On the Unanswered Immigration Question

Imagine that you are an ICE agent participating in a raid in the parking lot of a Home Depot in Los Angeles. You approach a man with Hispanic features and ask him in Spanish to identify himself, which he does. You then ask him to show a driver’s license or other form of identification. He doesn’t have ID on him. He also doesn’t have any physical characteristics which suggest he is an illegal immigrant, such as Venezuelan gang tattoos. What do you do now?

While the basis for yesterday’s Supreme Court decision is not clear, since all we have to go on is Kavanaugh’s concurrence, we have to assume the initial inquiry is legal, as the agent has the reasonable suspicion necessary to ask it.

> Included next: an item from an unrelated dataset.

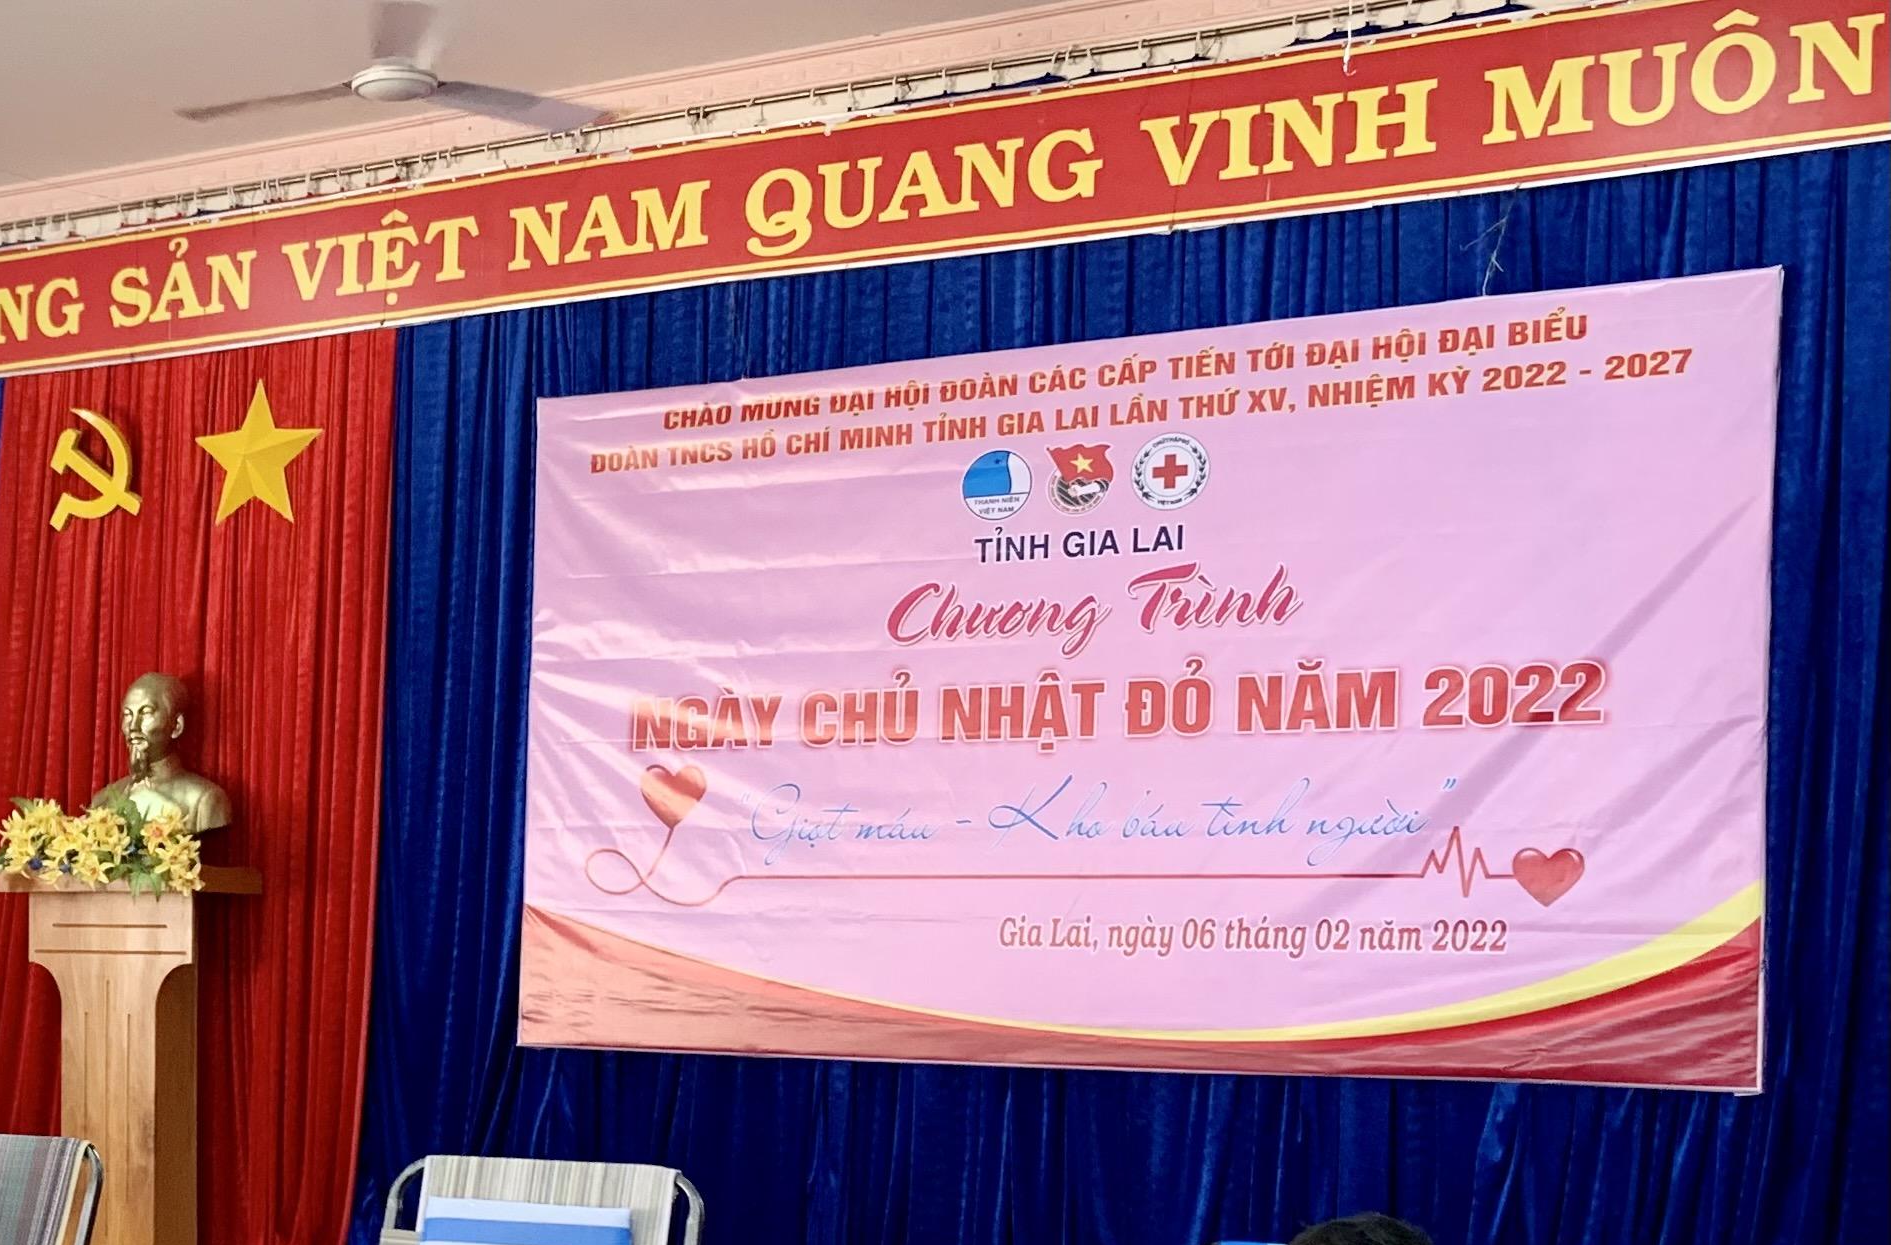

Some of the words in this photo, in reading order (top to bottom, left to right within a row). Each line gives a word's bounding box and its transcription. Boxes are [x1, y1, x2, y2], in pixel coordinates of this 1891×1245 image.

But does he have probable cause to take him into custody–meaning, to handcuff him, throw him in a van, and take him involuntarily back to an ICE office–just based on his inability to produce ID on demand?

Kavanaugh’s concurrence tells us that the guy will go free if he establishes to the agent that he is a citizen. That suggests to me that the failure to produce a convincing form of ID is, in fact, probable cause in the eyes of the Court. That in turn means that even American citizens of Hispanic descent in areas with high numbers of illegal immigrants will be forced to carry their papers around everywhere they go; otherwise, they risk being lawfully arrested. The burden of proof on citizenship will be on the questioned party, not on the ICE agent.

Are you comfortable with that? I’m not.